Problem |
In full and without alteration, return the records below.

*** Opening Provided records ***

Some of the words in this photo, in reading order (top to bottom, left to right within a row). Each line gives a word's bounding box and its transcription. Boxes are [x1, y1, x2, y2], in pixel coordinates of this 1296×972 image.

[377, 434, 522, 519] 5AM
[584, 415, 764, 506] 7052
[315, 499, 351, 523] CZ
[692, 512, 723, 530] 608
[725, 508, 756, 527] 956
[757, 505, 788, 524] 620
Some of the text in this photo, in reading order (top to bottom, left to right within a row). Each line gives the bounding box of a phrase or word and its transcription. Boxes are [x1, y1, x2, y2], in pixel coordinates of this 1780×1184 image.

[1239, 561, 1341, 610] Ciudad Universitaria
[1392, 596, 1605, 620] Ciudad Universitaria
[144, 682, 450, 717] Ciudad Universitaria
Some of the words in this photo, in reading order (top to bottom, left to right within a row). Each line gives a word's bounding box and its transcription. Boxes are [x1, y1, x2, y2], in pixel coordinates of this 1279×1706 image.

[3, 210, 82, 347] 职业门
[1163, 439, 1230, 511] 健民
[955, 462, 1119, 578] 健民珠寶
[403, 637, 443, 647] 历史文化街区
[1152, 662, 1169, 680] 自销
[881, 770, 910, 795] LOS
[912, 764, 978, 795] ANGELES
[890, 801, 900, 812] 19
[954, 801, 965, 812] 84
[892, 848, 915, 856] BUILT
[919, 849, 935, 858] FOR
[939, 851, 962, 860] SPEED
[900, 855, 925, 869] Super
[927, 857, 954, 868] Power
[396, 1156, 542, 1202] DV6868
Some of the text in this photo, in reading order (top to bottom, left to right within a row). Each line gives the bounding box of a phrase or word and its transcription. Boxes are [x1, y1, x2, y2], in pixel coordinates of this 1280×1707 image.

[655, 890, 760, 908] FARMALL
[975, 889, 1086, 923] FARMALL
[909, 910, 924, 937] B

*** Closing Provided records ***

Response to this exercise |
Some of the words in this photo, in reading order (top to bottom, left to right within a row). Each line gives a word's bounding box and its transcription. Boxes are [x1, y1, x2, y2], in pixel coordinates of this 1296×972 image.

[377, 434, 522, 519] 5AM
[584, 415, 764, 506] 7052
[315, 499, 351, 523] CZ
[692, 512, 723, 530] 608
[725, 508, 756, 527] 956
[757, 505, 788, 524] 620
Some of the text in this photo, in reading order (top to bottom, left to right within a row). Each line gives the bounding box of a phrase or word and its transcription. Boxes are [x1, y1, x2, y2], in pixel coordinates of this 1780×1184 image.

[1239, 561, 1341, 610] Ciudad Universitaria
[1392, 596, 1605, 620] Ciudad Universitaria
[144, 682, 450, 717] Ciudad Universitaria
Some of the words in this photo, in reading order (top to bottom, left to right within a row). Each line gives a word's bounding box and its transcription. Boxes are [x1, y1, x2, y2], in pixel coordinates of this 1279×1706 image.

[3, 210, 82, 347] 职业门
[1163, 439, 1230, 511] 健民
[955, 462, 1119, 578] 健民珠寶
[403, 637, 443, 647] 历史文化街区
[1152, 662, 1169, 680] 自销
[881, 770, 910, 795] LOS
[912, 764, 978, 795] ANGELES
[890, 801, 900, 812] 19
[954, 801, 965, 812] 84
[892, 848, 915, 856] BUILT
[919, 849, 935, 858] FOR
[939, 851, 962, 860] SPEED
[900, 855, 925, 869] Super
[927, 857, 954, 868] Power
[396, 1156, 542, 1202] DV6868
Some of the text in this photo, in reading order (top to bottom, left to right within a row). Each line gives the bounding box of a phrase or word and its transcription. Boxes are [x1, y1, x2, y2], in pixel coordinates of this 1280×1707 image.

[655, 890, 760, 908] FARMALL
[975, 889, 1086, 923] FARMALL
[909, 910, 924, 937] B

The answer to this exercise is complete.